Along with her nose for operatic rarities, the 73-year-old Queler has a knack for discovering young singers with star quality. Year after year, the stars she discovered and nurtured return to the Opera Orchestra to sing novel new roles they could never broach at the Met and City Opera. Queler has given critical early exposure to many rising stars who now have major careers, including José Carreras, Renée Fleming, James Morris, (part-time Vero Beach resident) Deborah Voigt and others.
In March 2008, for her 100th performance at Carnegie Hall, she attracted a guest list including sopranos Fleming, Aprile Millo, Latonia Moore, Eglise Gutierrez and Scotto, along with mezzo-soprano Dolora Zajick and tenor Marcello Giordani. The star power also celebrated the star in Queler’s crown, the Opera Orchestra of New York, the one-of-a-kind group she founded in 1971.
Palm Beach ArtsPaper’s Sharon McDaniel talked with Queler in advance of her appearance at the Palm Beach Opera competition:
McDaniel: How did you get into this field?
Queler: I basically was working as a New York City Opera pianist, a coach. That’s the way they do it in Europe; you don’t start conducting right off the bat.
I loved my job at City Opera; I learned a lot of repertoire, worked with some wonderful singers – and some terrific conductors. It was the ultimate graduate school. During the years I was there, occasionally I was assigned a rehearsal to conduct. In one case, it was the entire Act II of La Boheme, complete with singers, staging – everything! After that, I thought, “Hmmm, I guess I should start learning how to conduct.”

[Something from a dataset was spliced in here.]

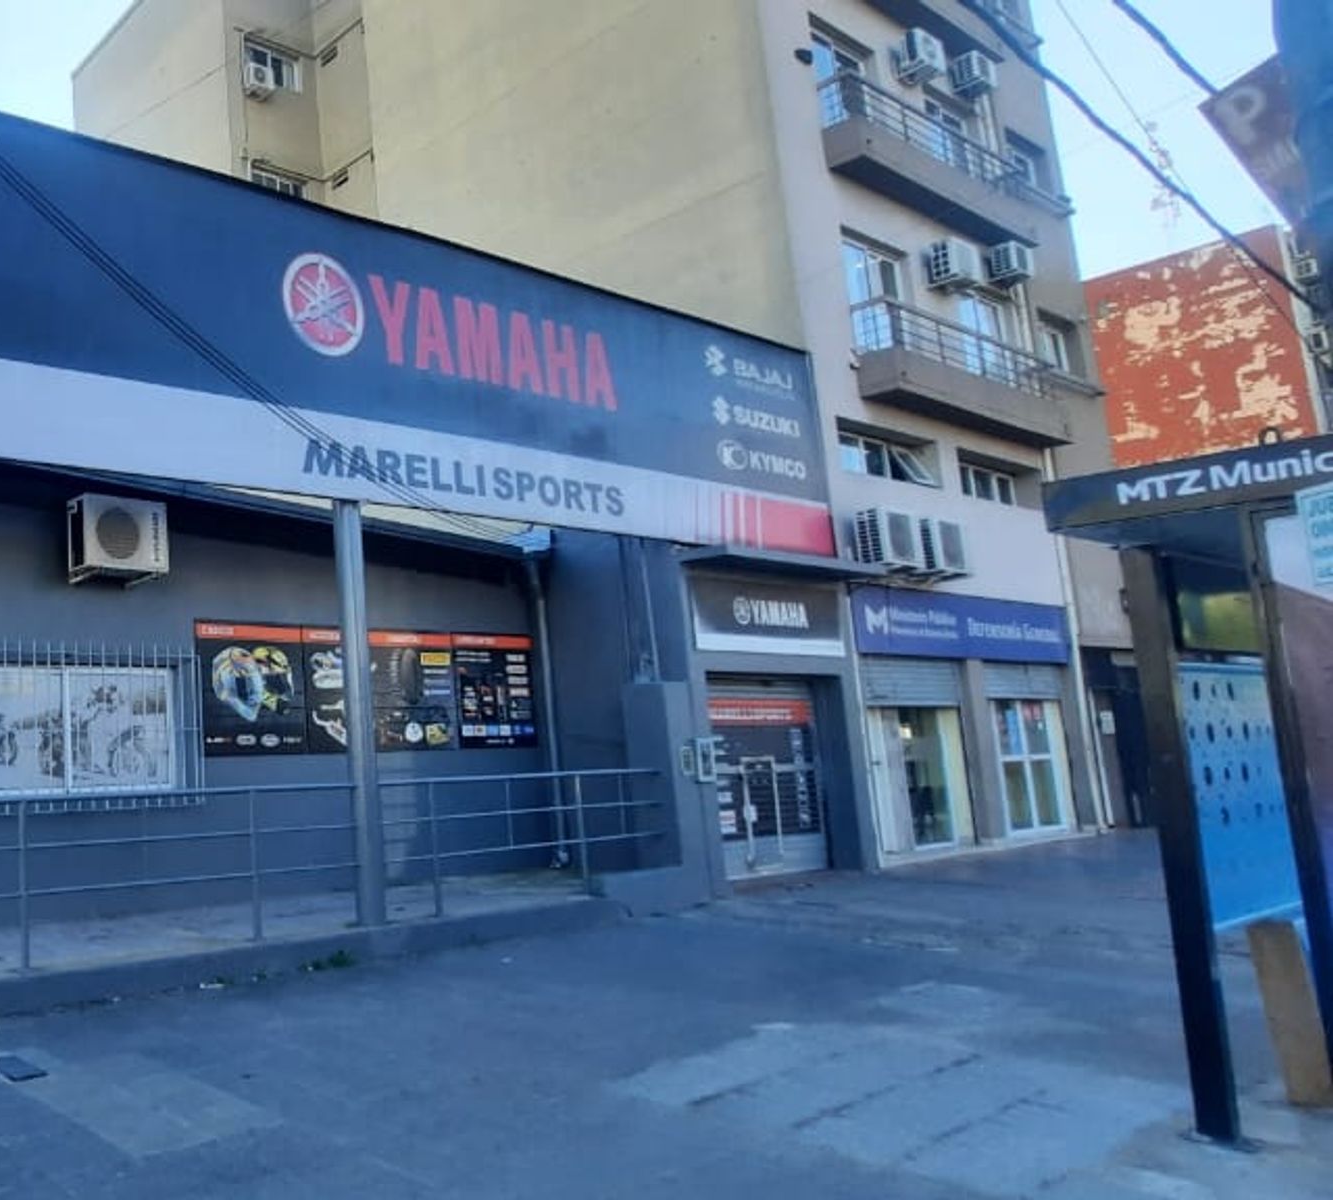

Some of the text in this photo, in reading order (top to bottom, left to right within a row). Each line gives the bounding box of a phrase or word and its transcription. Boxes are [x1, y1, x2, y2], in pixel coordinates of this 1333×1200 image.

I was at City Opera from 1965-70, during the move over to Lincoln Center. I decided to go back to school. I applied to Juilliard and Manhattan School of Music. In both cases, they said they were not accepting women conductors. That’s just the way it was at that time.
So I started an orchestra and began training myself – it was a training orchestra. And New York had quite a few amateur orchestras from conductors gaining experience. So that is the kernel of the Opera Orchestra of New York. I started without any real plan, when I look back after 25 years. So that’s how I got into it.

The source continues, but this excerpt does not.